All three of us are praying now, pondering the different installations, and weighing our responses...
There are three of us in the prayer room, and we who were stressed are changing, changing because of the challenge of the third person...
His name is "Pete", he is in his early twenties, out of work and homeless, the hostels are full this evening, and it seems the least we can do is to offer him a warm place to be, to make him a cup of tea and offer him something to eat.
Pete is reading the Bible now, and his eyes have filled with tears, my eyes are drawn to the banner again; "Lord let your glory fall", maybe when you are homeless glory looks like a hot cup of tea...

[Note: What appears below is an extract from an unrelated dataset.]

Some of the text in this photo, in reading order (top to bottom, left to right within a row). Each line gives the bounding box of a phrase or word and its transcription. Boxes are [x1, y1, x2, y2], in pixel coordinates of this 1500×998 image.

The C.D. has stopped and we are all silent, and somehow the silence highlights our common humanity, I could say "there but for the grace of God go I", but what does that say about the grace of God towards Pete?
As we sit together I find that the stress of my day is lifting, a second car seems insignificant in the face of homelessness, even greedy.

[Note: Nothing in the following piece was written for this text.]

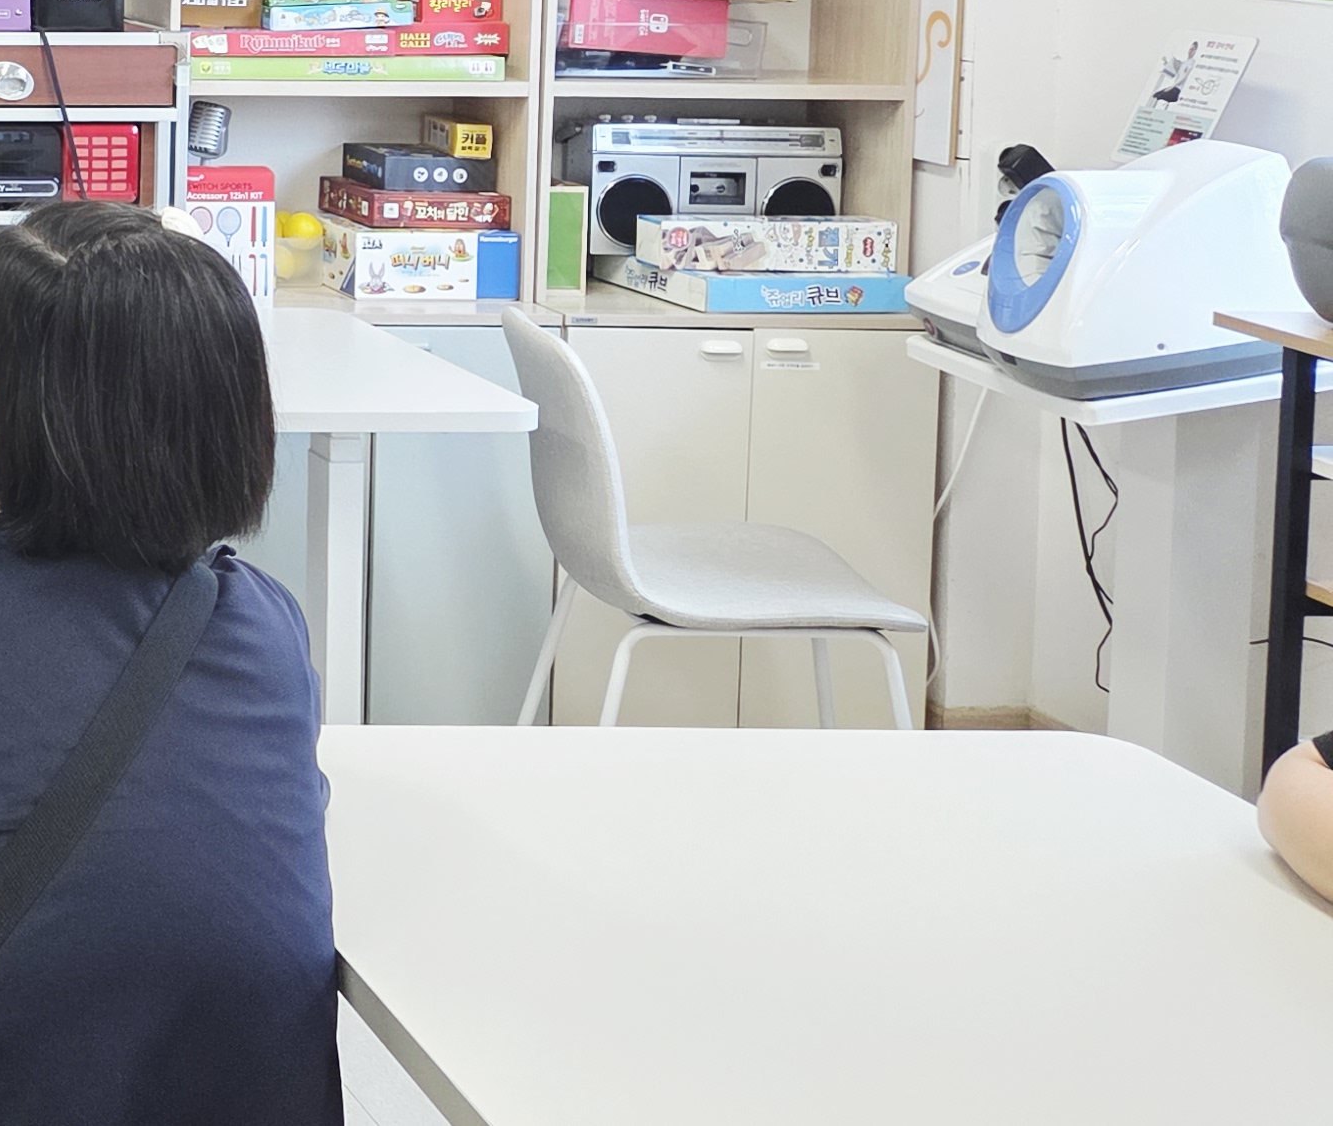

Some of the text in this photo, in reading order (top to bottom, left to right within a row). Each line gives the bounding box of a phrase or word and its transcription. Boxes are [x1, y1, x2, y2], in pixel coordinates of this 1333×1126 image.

[240, 34, 326, 53] Rummikub
[400, 40, 430, 48] GALLI
[187, 192, 228, 200] Accessory
[807, 286, 842, 307] 큐브

Tomorrow we hope to help Pete to find somewhere to live, folk at this church regularly help homeless people, tonight we have offered food and warmth...

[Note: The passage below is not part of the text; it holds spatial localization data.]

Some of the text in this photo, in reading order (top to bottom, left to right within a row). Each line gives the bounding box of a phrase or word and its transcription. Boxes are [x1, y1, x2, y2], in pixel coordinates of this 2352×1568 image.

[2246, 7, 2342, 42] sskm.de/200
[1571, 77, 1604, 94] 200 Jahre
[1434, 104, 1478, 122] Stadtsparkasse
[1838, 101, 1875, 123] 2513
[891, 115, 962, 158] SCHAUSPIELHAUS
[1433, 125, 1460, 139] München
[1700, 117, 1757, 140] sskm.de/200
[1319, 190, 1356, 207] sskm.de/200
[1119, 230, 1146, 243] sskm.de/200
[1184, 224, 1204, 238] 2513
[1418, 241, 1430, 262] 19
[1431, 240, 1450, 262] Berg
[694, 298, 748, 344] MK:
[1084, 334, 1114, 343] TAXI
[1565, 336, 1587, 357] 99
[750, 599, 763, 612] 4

Our shift is over, and we are leaving to enjoy a meal with friends, the folk who are taking over have been told about Pete, and he is happy to stay indoors for the night.
I shake his hand, and he looks me straight in the eyes, I say that I hope things work out for him, and ask if it is OK to offer a simple blessing. He nods and his eyes fill with tears.
What does "God bless you" sound like to a homeless person? Better I suspect when it is accompanied by a cup of tea! Can a cup of tea become a sacrament? And is the blessing in the receiving or the giving?
I have been changed by this encounter...
Bless the Lord my soul, and do not worry about tomorrow.
Bless the Lord my soul, and do not forget his many blessings...
Bless the Lord my soul, and be ready to share for you are blessed...
Bless the Lord my soul...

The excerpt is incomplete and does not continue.